Activity –
All of the data should be restated word for word, with the pictures omitted.

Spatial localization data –
=== Begin Enclosure ===

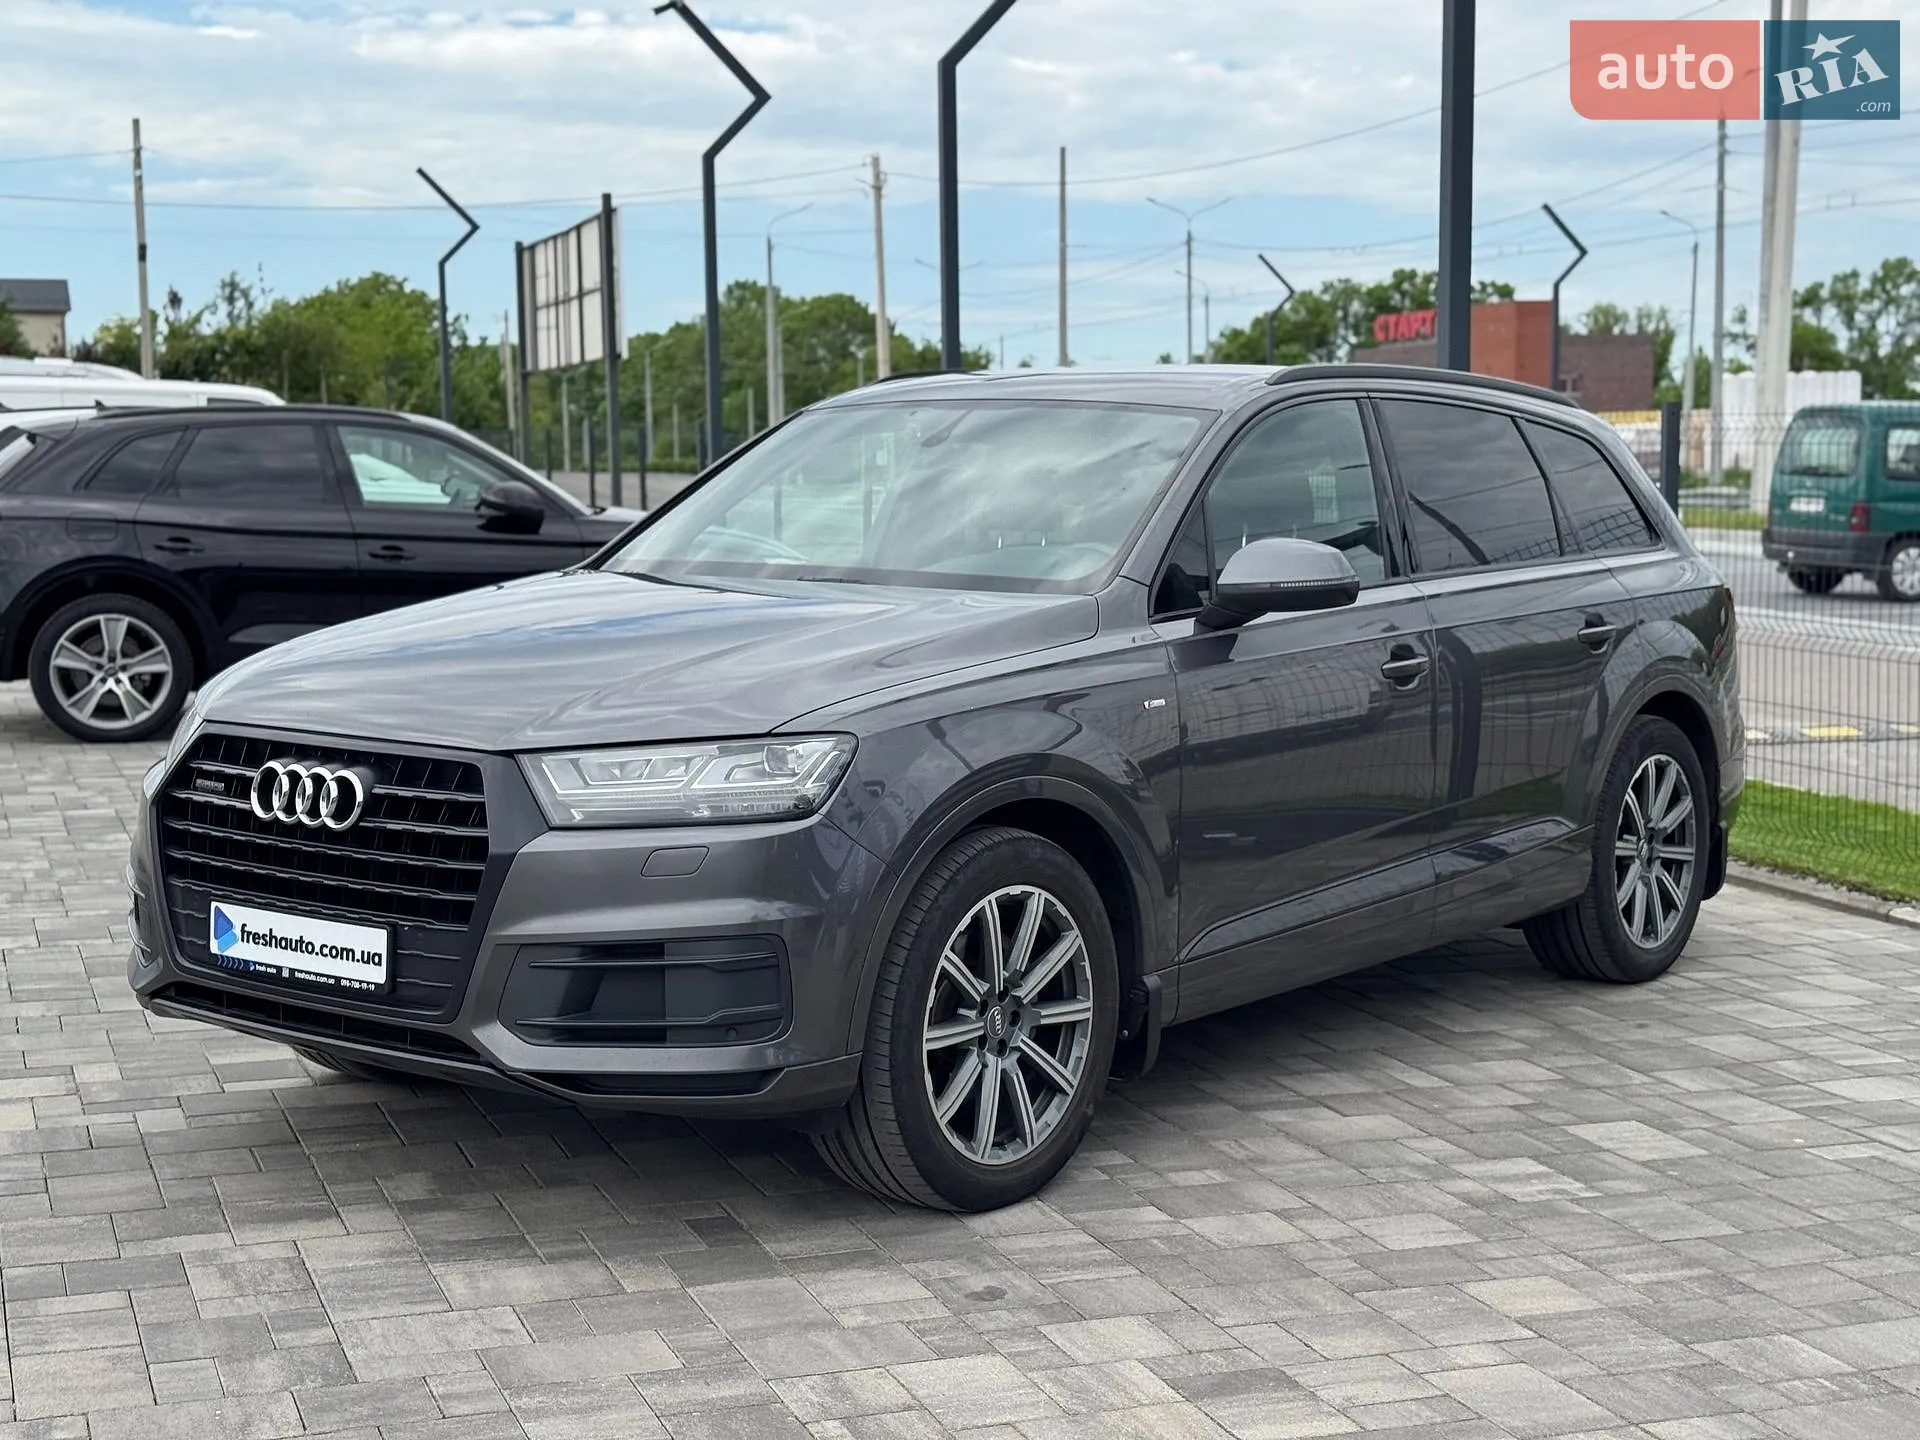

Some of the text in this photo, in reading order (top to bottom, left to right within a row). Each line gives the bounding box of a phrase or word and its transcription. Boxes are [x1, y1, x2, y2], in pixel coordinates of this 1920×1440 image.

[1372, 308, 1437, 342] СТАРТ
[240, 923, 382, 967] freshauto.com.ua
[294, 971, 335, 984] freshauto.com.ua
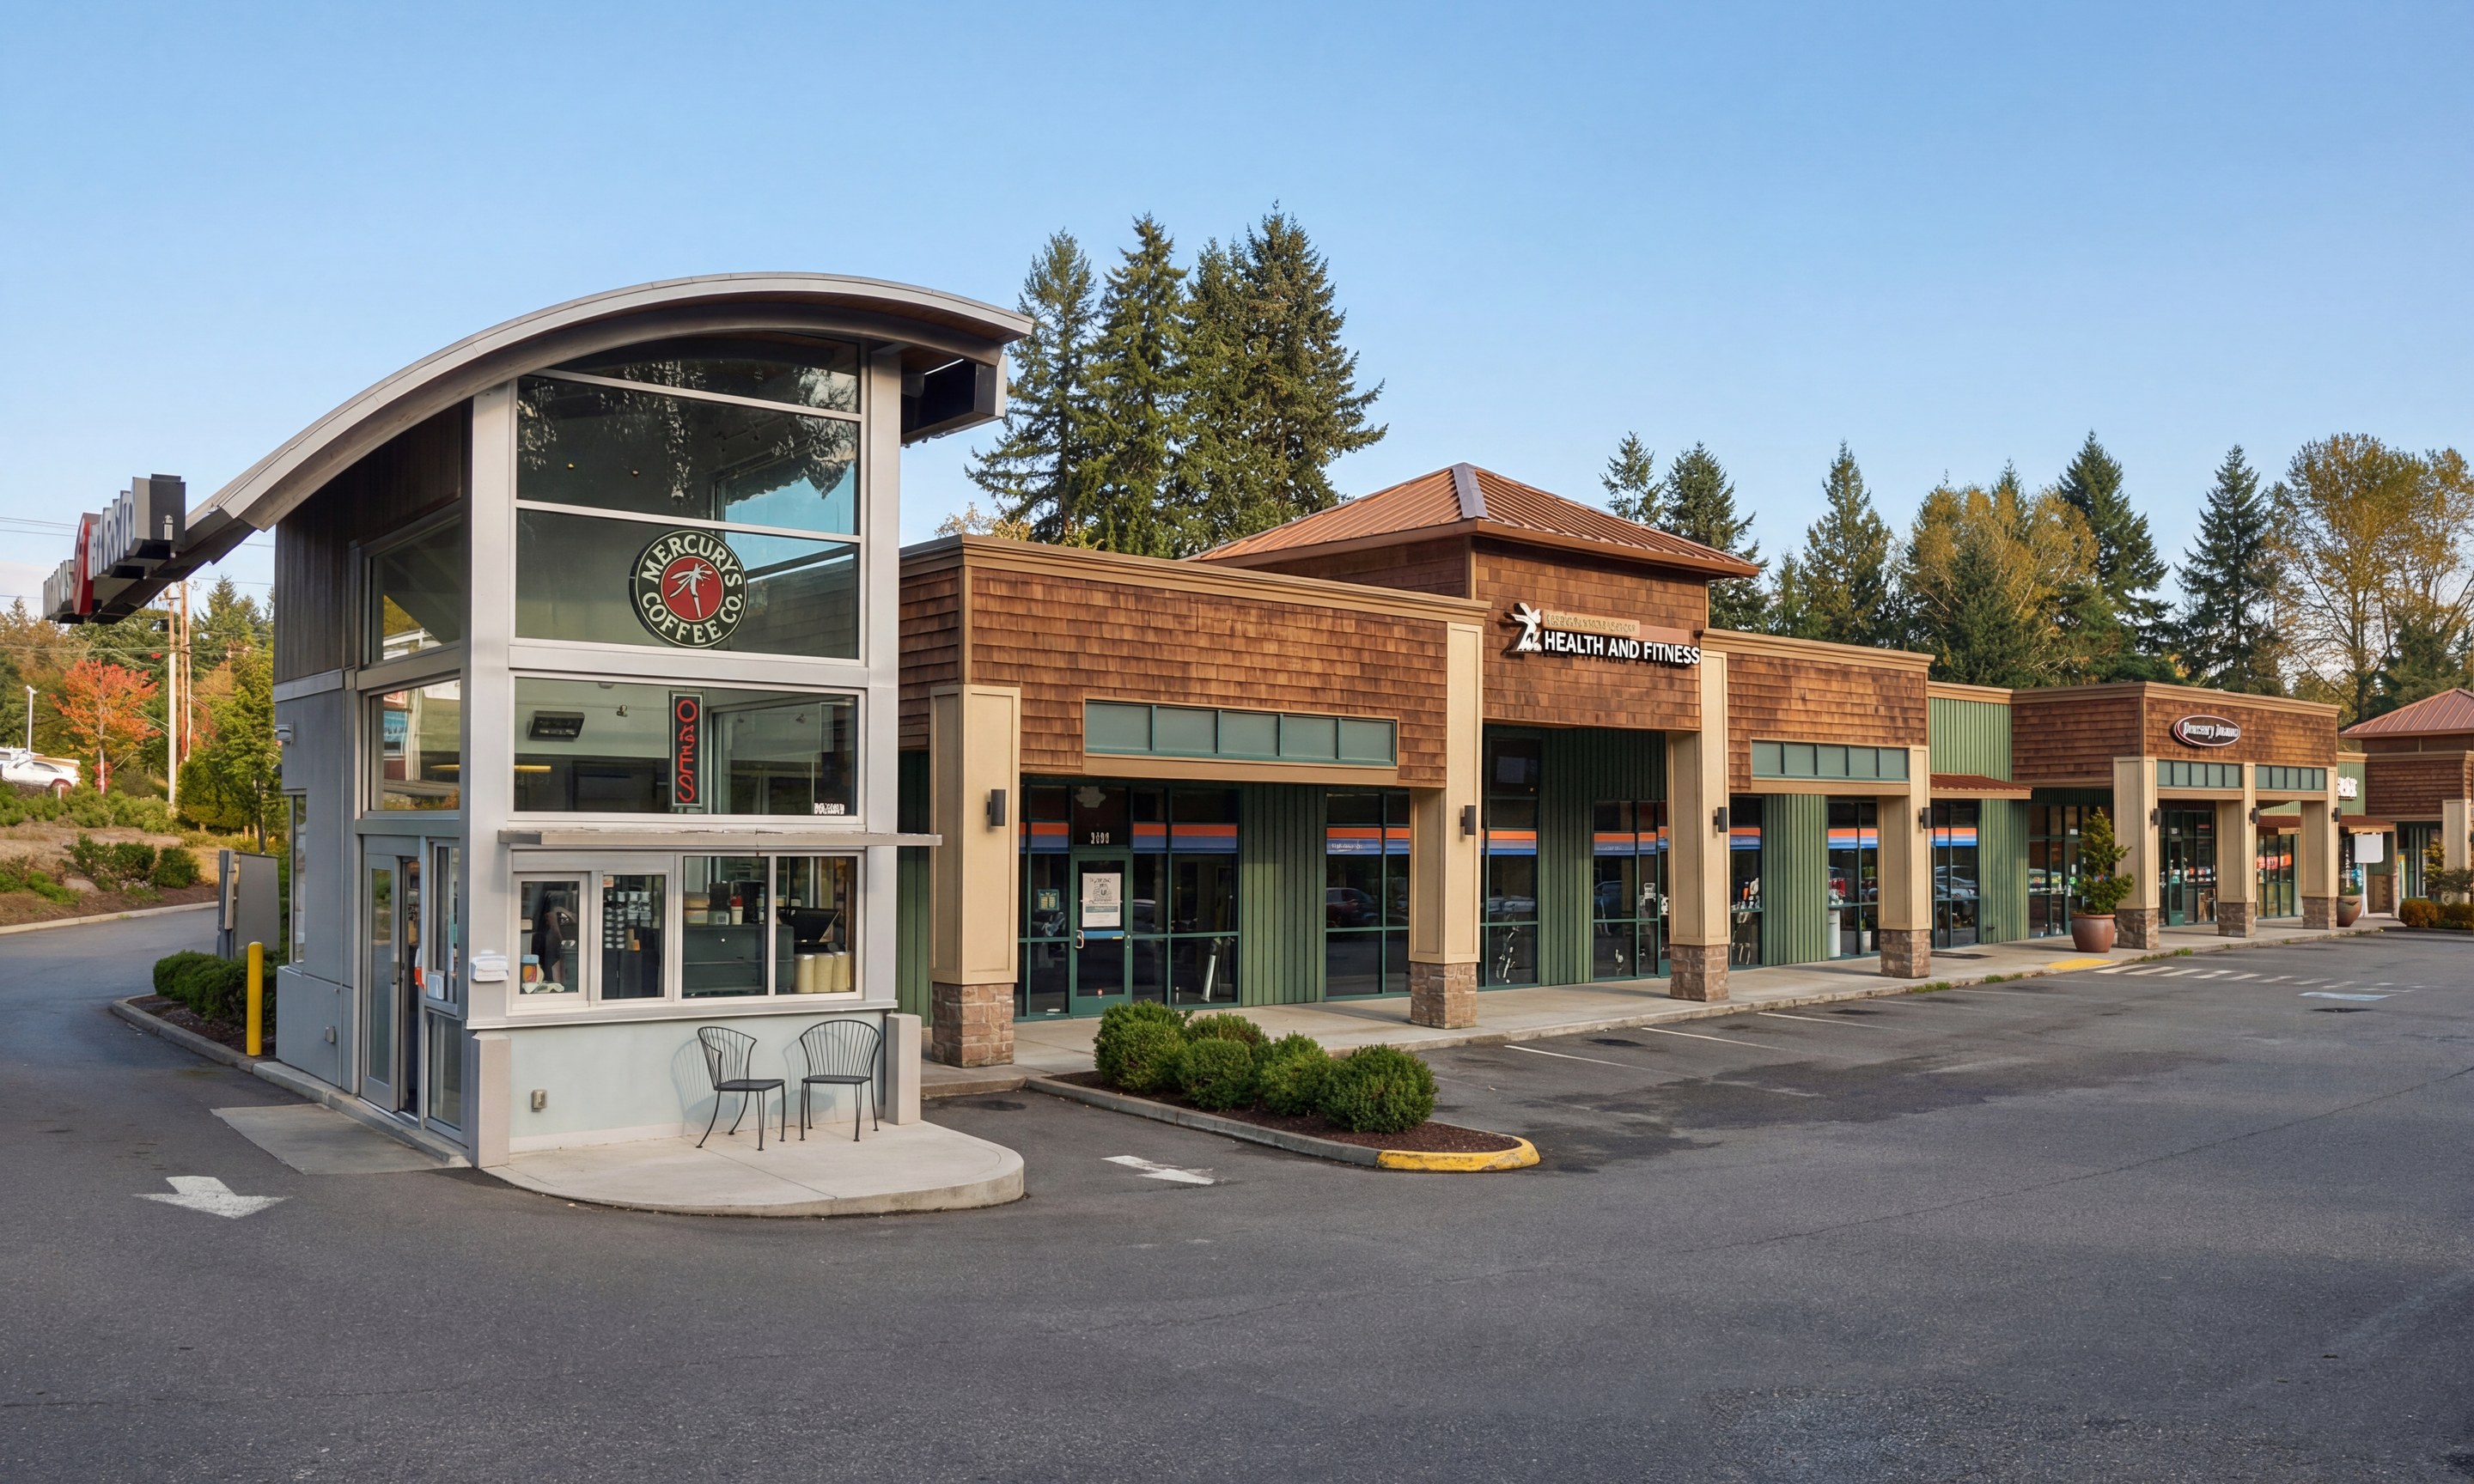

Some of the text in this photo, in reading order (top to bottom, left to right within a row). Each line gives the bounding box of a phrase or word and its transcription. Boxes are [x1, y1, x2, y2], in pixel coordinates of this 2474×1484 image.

=== End Enclosure ===

Solution to this problem –
Some of the text in this photo, in reading order (top to bottom, left to right within a row). Each line gives the bounding box of a phrase or word and its transcription. Boxes are [x1, y1, x2, y2], in pixel coordinates of this 1920×1440 image.

[1372, 308, 1437, 342] СТАРТ
[240, 923, 382, 967] freshauto.com.ua
[294, 971, 335, 984] freshauto.com.ua

Some of the text in this photo, in reading order (top to bottom, left to right within a row). Each line gives the bounding box of a phrase or word and its transcription. Boxes are [x1, y1, x2, y2], in pixel coordinates of this 2474×1484 image.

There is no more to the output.